Unlike a great deal of Oracle professionals I started my career building Software using OO methodologies and Java. I approach the Oracle world with an application developer paradigm, and have had to unlearn certain OO precepts. Mostly I’ve had to concede that in practical development of technology solutions (greatest benefit, least cost, highest ROI) that the persistence layer can not be a big dumb chalkboard exclusively. Perhaps some of my Java colleagues may disagree but there are significant cost, implementation, and maintenance advantages to leveraging the power of a full featured RDBMS.

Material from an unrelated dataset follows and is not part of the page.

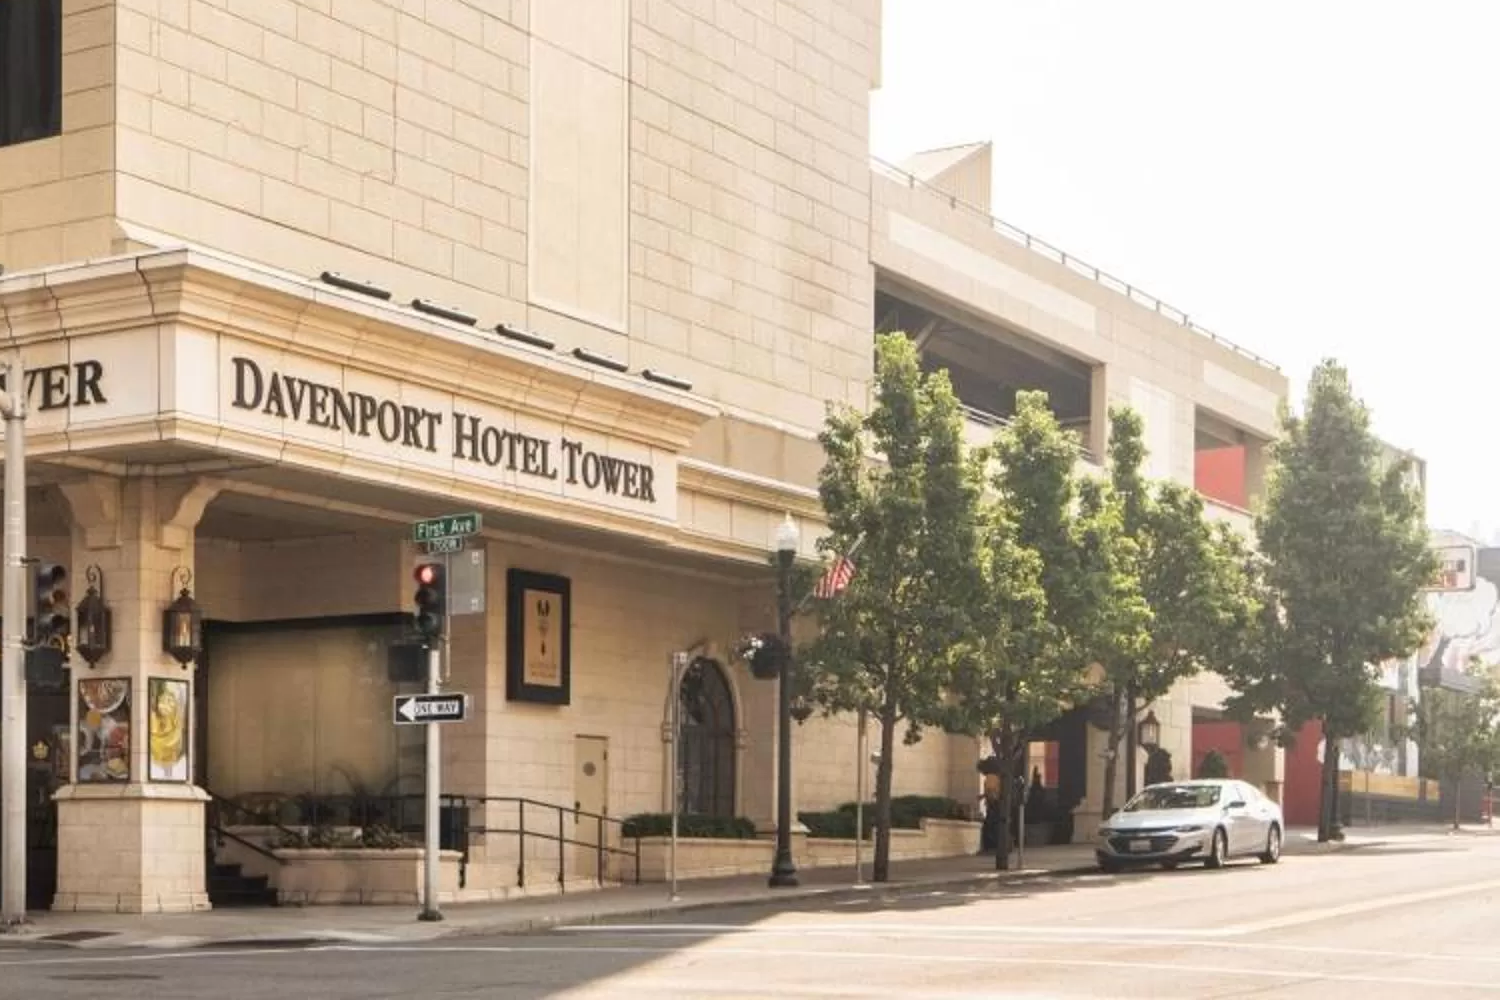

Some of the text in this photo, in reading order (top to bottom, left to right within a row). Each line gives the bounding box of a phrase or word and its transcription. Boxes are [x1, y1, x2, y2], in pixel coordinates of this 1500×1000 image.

As I was reading Mark Rittman’s article on his Performance Tuning Excursion I was reminded of a SWAT task I was given working with the DBA group at an online retailer. The data access patterns of OO, their OO-Relational mapping components, etc can sometimes be downright counterproductive towards building a sound technology solution. I was working with an original implementation of this and witnessed a seldom used feature end up nearly bringing the entire site to it’s knees. The page received a brand name, and was meant to display the products and their respective primary categories. The result sets would range from 1 to about 100 products. I witnessed a similar behavior to what Mark describes in that the persistence layer was querying thousands of times for smaller atomic units to build the composite objects on the application server. I’ll leave it to the reader to delve into Mark’s thorough explanation…
Consider using the extended SQL trace instructions from Mark or further consider p6spy if you don’t have access to Oracle (and it’s a Java application of course).